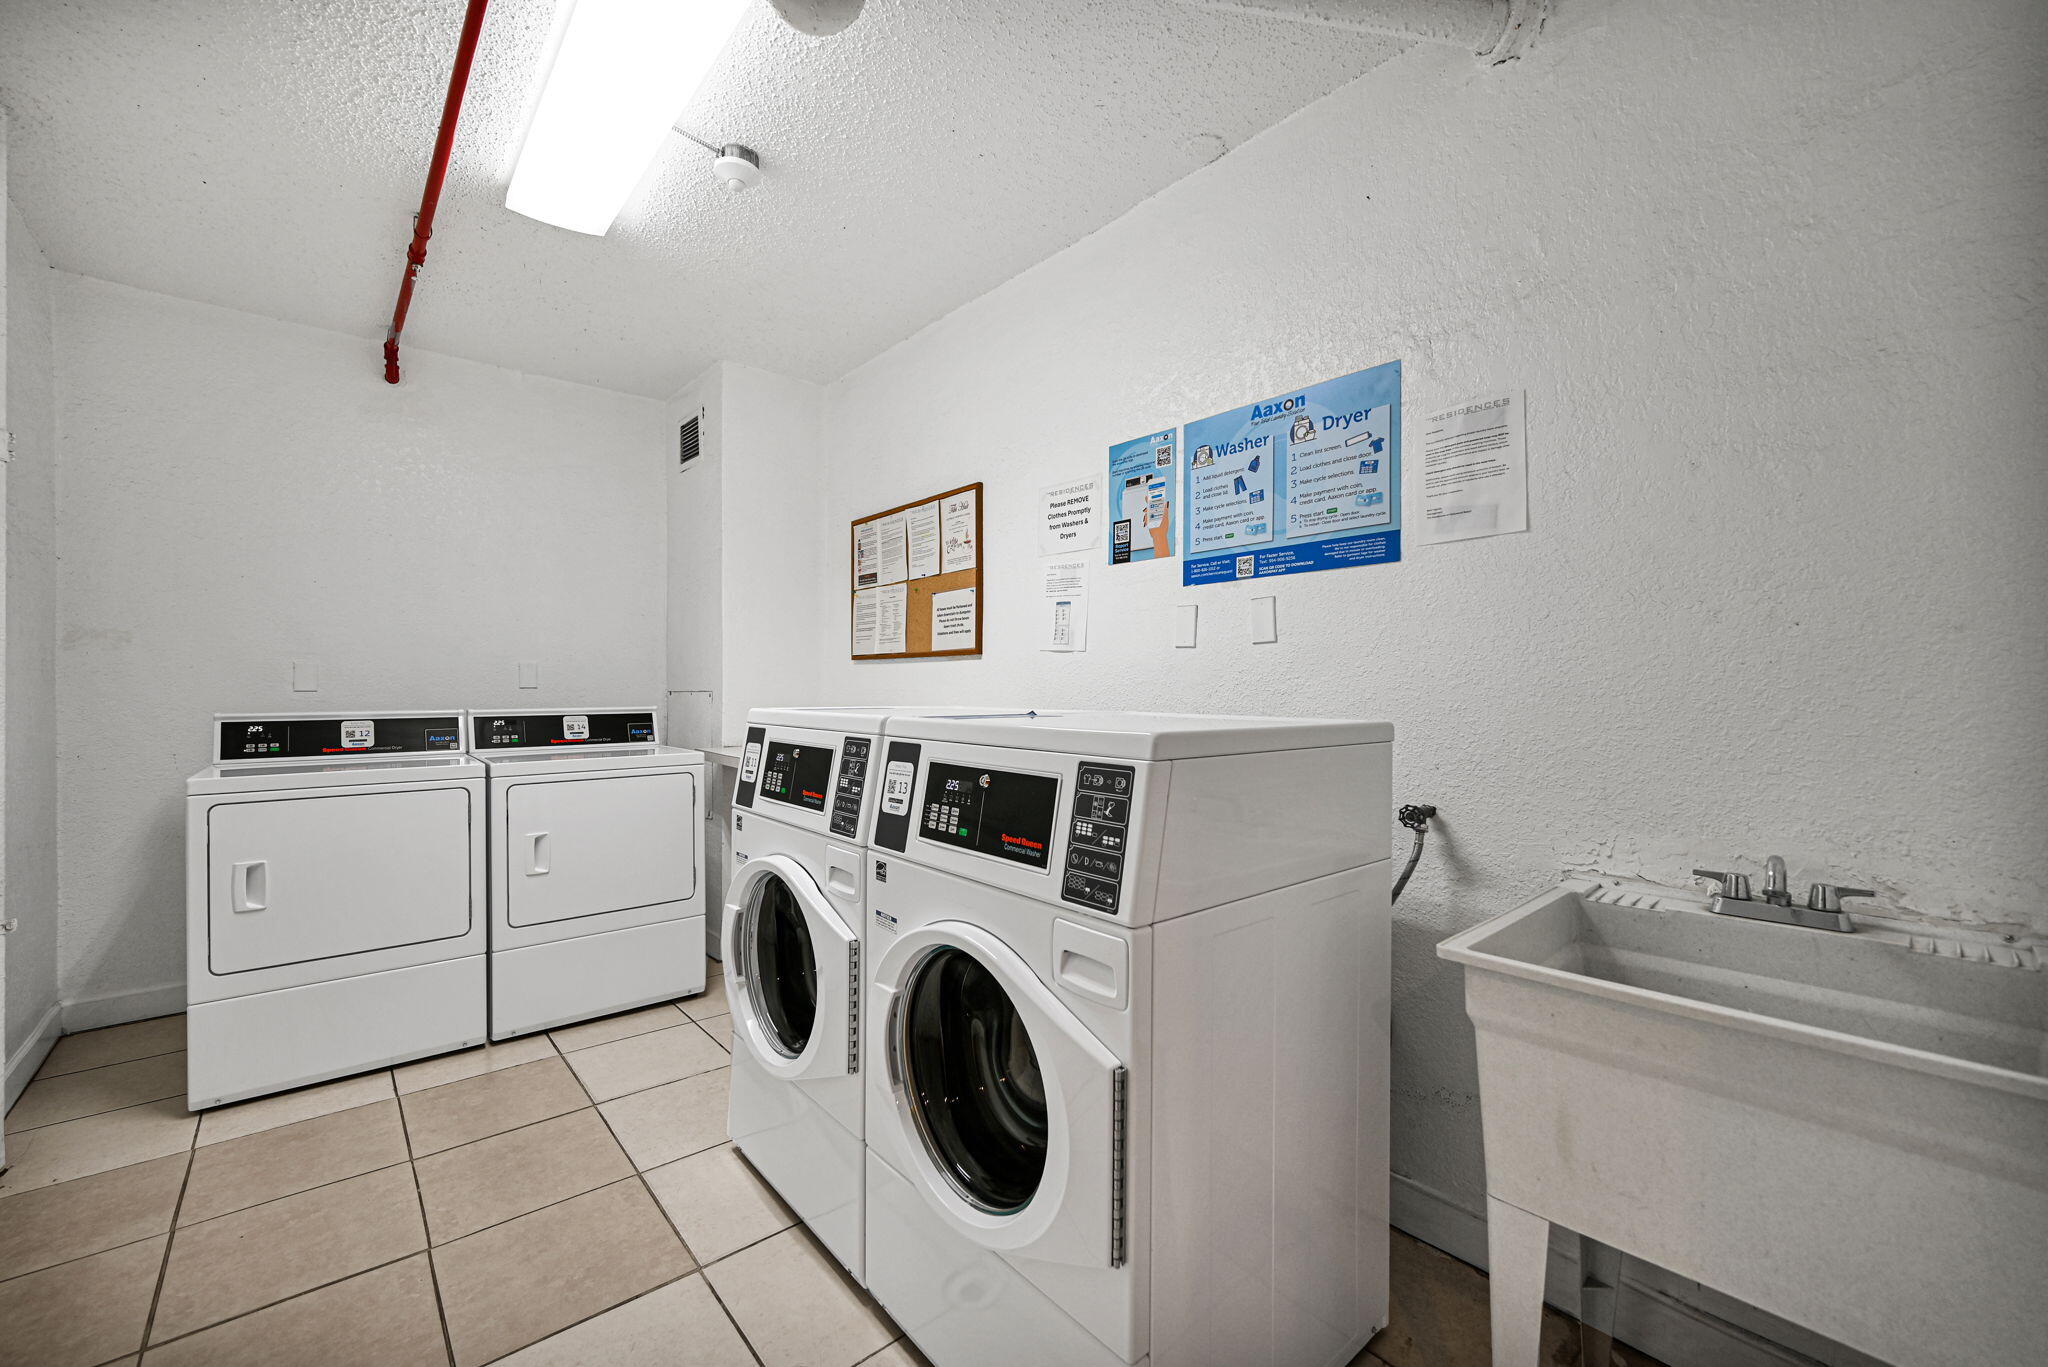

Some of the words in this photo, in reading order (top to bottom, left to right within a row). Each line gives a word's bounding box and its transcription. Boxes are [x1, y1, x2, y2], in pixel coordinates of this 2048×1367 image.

[1251, 395, 1306, 420] Aaxon
[1431, 398, 1510, 422] RESIDENCES
[1322, 408, 1372, 430] Dryer
[1216, 435, 1269, 457] Washer
[1067, 495, 1089, 505] REMOVE
[1048, 512, 1067, 520] Clothes
[1068, 507, 1092, 516] Promptly
[1062, 519, 1083, 528] Washers
[751, 758, 757, 767] 11
[898, 782, 908, 794] 13
[946, 780, 960, 790] 225
[1002, 833, 1021, 844] Speed
[1022, 838, 1042, 849] Queen
[1004, 843, 1025, 854] Commercial

* * * *

How to complete this task –
Repeat every record above exactly. The pictures do not belong in the copy.

Your response –
Some of the words in this photo, in reading order (top to bottom, left to right within a row). Each line gives a word's bounding box and its transcription. Boxes are [x1, y1, x2, y2], in pixel coordinates of this 2048×1367 image.

[1251, 395, 1306, 420] Aaxon
[1431, 398, 1510, 422] RESIDENCES
[1322, 408, 1372, 430] Dryer
[1216, 435, 1269, 457] Washer
[1067, 495, 1089, 505] REMOVE
[1048, 512, 1067, 520] Clothes
[1068, 507, 1092, 516] Promptly
[1062, 519, 1083, 528] Washers
[751, 758, 757, 767] 11
[898, 782, 908, 794] 13
[946, 780, 960, 790] 225
[1002, 833, 1021, 844] Speed
[1022, 838, 1042, 849] Queen
[1004, 843, 1025, 854] Commercial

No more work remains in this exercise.